Elsewhere in the world, the Chinese renminbi had hit its highest level against the dollar since May 2018, while Asian currencies more generally also outperformed alongside a set of emerging market units.
GBP / EUR forecast 2021
Period: From Q2 2021
GBP / USD forecast 2021
Period: From Q2 2021
These emerging market currencies included the South African Rand, which hit its strongest against the dollar since February 2019.
“The tone of the Bank of Korea has clearly become more belligerent compared to April, as it has sharply raised its growth forecast and expects higher inflation this year,” said Ho Woei Chen, CFA and economist at UOB Bank in Singapore.
Above: price and performance of the US dollar exchange rate.
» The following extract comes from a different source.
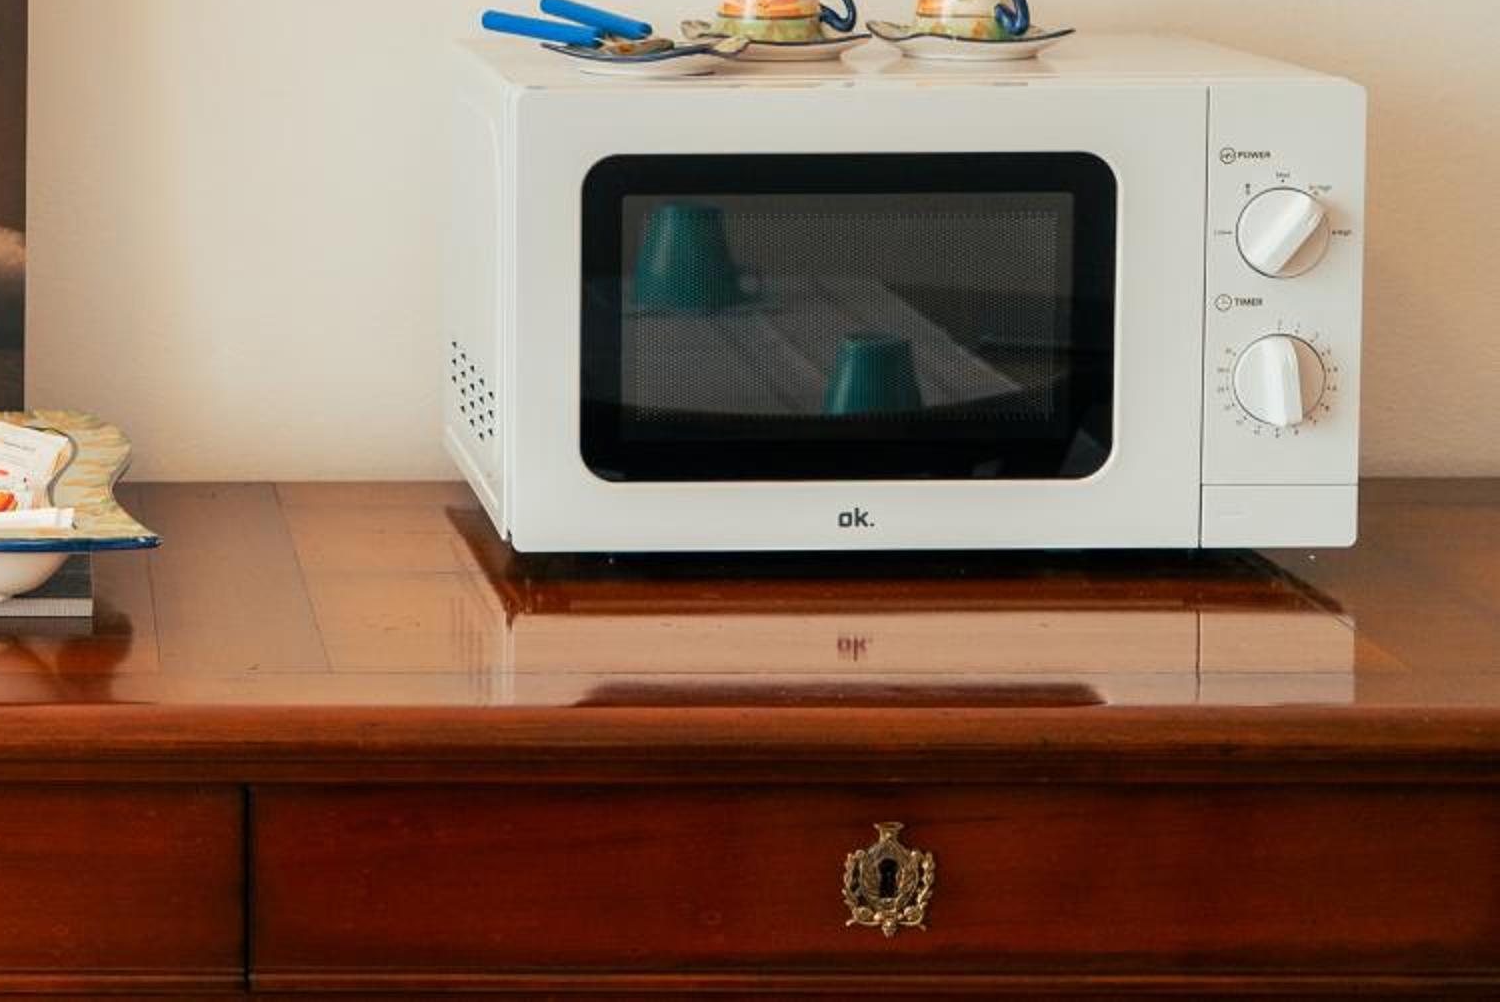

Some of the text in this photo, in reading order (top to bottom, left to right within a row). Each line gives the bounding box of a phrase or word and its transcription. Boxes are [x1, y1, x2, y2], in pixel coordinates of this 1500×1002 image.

Source: Netdania Markets.
The only obvious common denominator in the above performance pecking order seen on at least Thursday was inflation and the relative degree of difficulty that different central banks have typically had when it comes to delivering inflation levels. targeted.
Central banks have inflation targets, and it is in pursuit of those targets that they tinker with interest rates or use other monetary policy tools like quantitative easing, although many have had difficulty. hard to reach them in recent years, if not longer.
In modern economic and financial systems, inflation is seen as a necessary evil, and it is an evil that has always been difficult to tame or control, even in the present day.
At present, inflation is in excess in many emerging market economies, for example – leading to higher interest rates than otherwise – while in major industrialized economies it exists in systemic deficit, albeit to varying degrees.
However, currency exchange rates can and do influence inflation trends through the impact of currency fluctuations on the cost of imported goods and services, the changes of which can easily filter through into the markets. consumer prices and official measures of inflation.
Above: USD / CNH displayed at daily intervals alongside USD / ZAR.
There is no better illustration of this point than the ongoing rally in the renminbi, which hit new multi-year highs against the dollar this week and days after its emergence, researchers at the People’s Bank of China (PBoC) had suggested allowing the Chinese currency to appreciate against the greenback to offset the impact of rising commodity prices on the cost of imported capital goods and corporate profit margins.
Higher import costs resulting from lower exchange rates can drive up inflation and vice versa, although the market has not always been able to take advantage of this influence and has often wasted it, along with the euro. -dollar and the European Central Bank (BCE) the best example of the latter.
Meanwhile, the South African Reserve Bank (SARB) and others have often struggled to reign under excessive inflationary pressures, but have faced an inflationary depreciation of the currency which further increases inflation, or have simply grappled with monetary trends that do little to contribute to the bank’s efforts.
It may still be early and somewhat premature to suggest that the currency market has been seriously reformed in any way, although Thursday’s performance pecking order at least may be a tentative indication of something. like that being the pipeline.
Few central bankers in the world would be heard to complain about this, which is why readers could do worse than attempt to understand the market in the context of the impact that exchange rate trends have on targets for the market. central bank inflation wherever it leads to inconsistencies. results.